Whenever you read about globalization, there should be a big question mark coming up in front of your eyes. Globalization in medical education is something you read about all the time. But often globalization means the imposing of Western ideas which, very often have no evidence base and no generalisability outside their own culture and context. I never saw any Western country take up ideas from India or Indonesia or China. So, when you know all that and have a sceptical attitude, you'll be a pretty good educational developer.
Being an educational psychologist means a special way you look at the world. The way that psychologists look at the world is informed by the theories they believe in and the values they have, and their ability to critique and argue. It enables you to look at the world and the way people behave in that world. It gives you an analytical framework. I like the social science dimension of it and the fact that as a psychologist, I have theories, knowledge, and frameworks. But I also know there is no truth. My entire profession is driven by critique, and reflection on the nature of society and how it affects individuals, practices, and policy.

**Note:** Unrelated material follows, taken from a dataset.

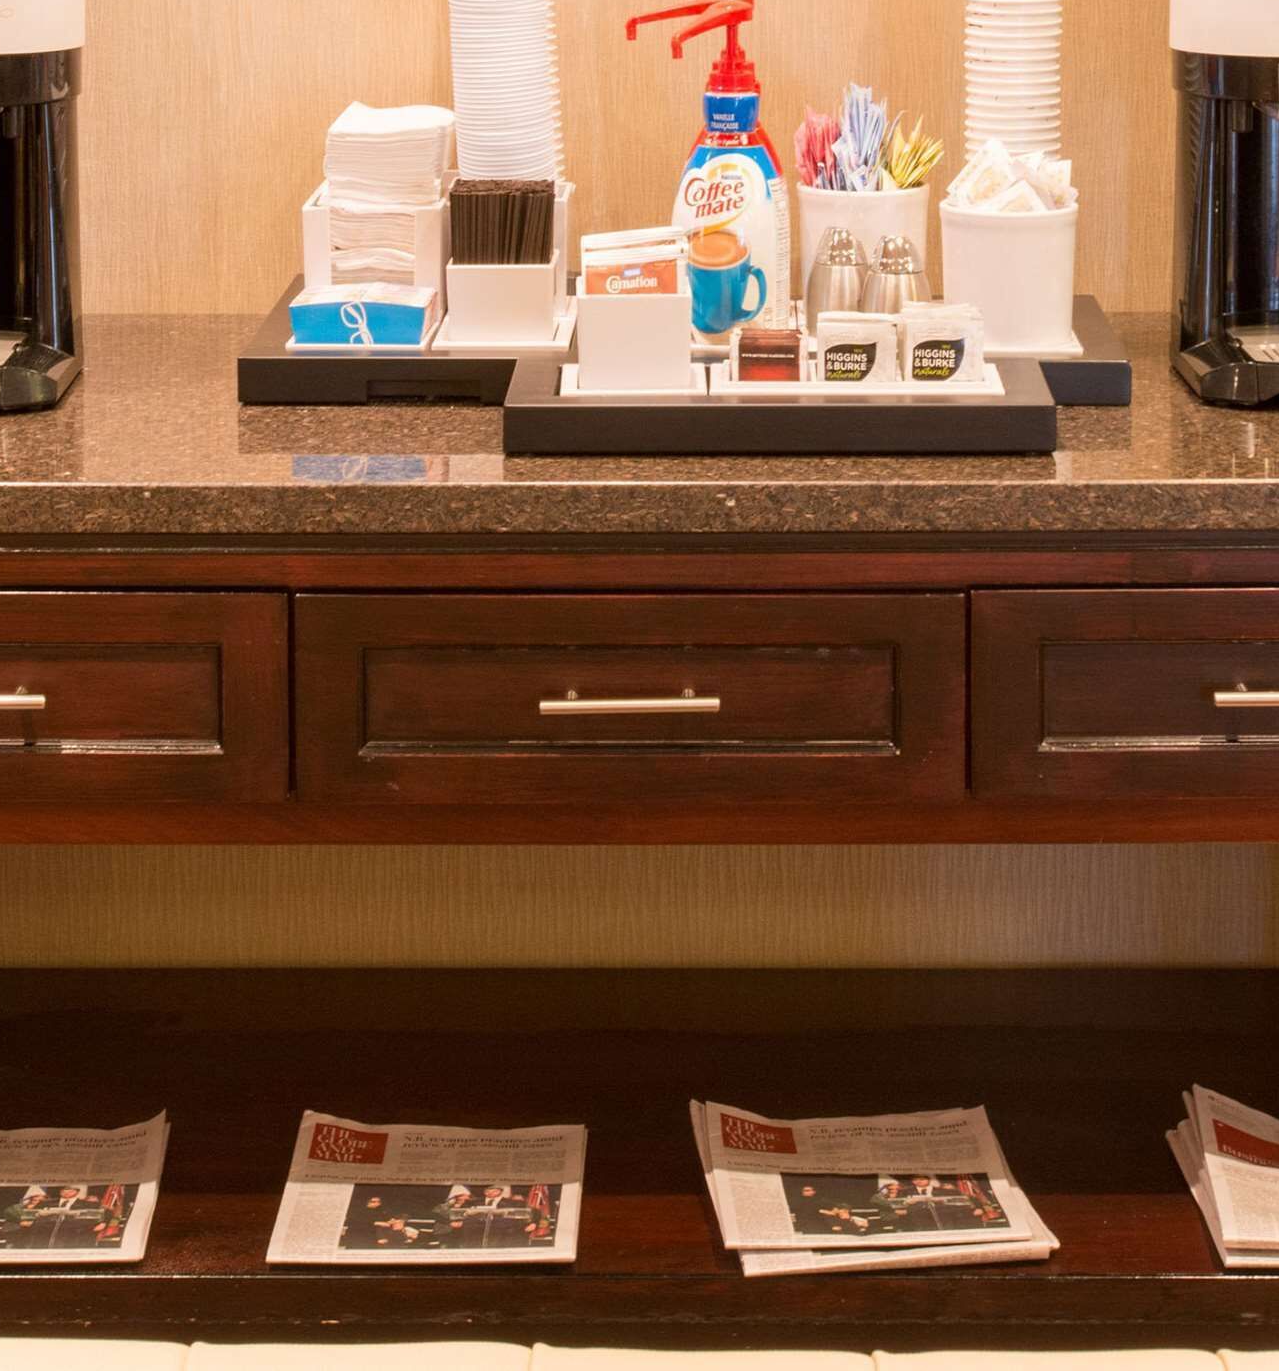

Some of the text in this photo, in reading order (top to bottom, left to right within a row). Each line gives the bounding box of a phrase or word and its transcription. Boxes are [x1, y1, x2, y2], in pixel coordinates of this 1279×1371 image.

So, if you are a manager, empower teachers in your university, and show respect and interest in their work
And also, it is essential to empower teachers. I think teachers today are disempowered. And they are the center of any educational institution. I would stop medical education ‘experts’ from telling people what to do, and I would find out from the teachers what they want to do. So, if you are a manager, empower teachers in your university, and show respect and interest in their work. Use the medical education experts you might have in your institution to serve and support teachers. And always apply the social science skills of criticism. As a doctor you have come from a positivist, maybe a bit of post-positivist environment, where you believe in natural sciences or truth, you believe in research. And now you should become also a social scientist. And social scientists know that truth is socially constructed.
I'm too old to be inspired but I have some recommendations. If you think you know enough about medical education, you can read Seven Myths about Education by Daisy Christodoulou. It's an old book, but totally the best. The other book you may be interested in is What if Everything You Knew About Education Was Wrong? by David Didau. These two books are about being critical, which I mention often. And if you want to learn about medical education from the beginning, you could probably read a collection edited by Swanwick Understanding Medical Education.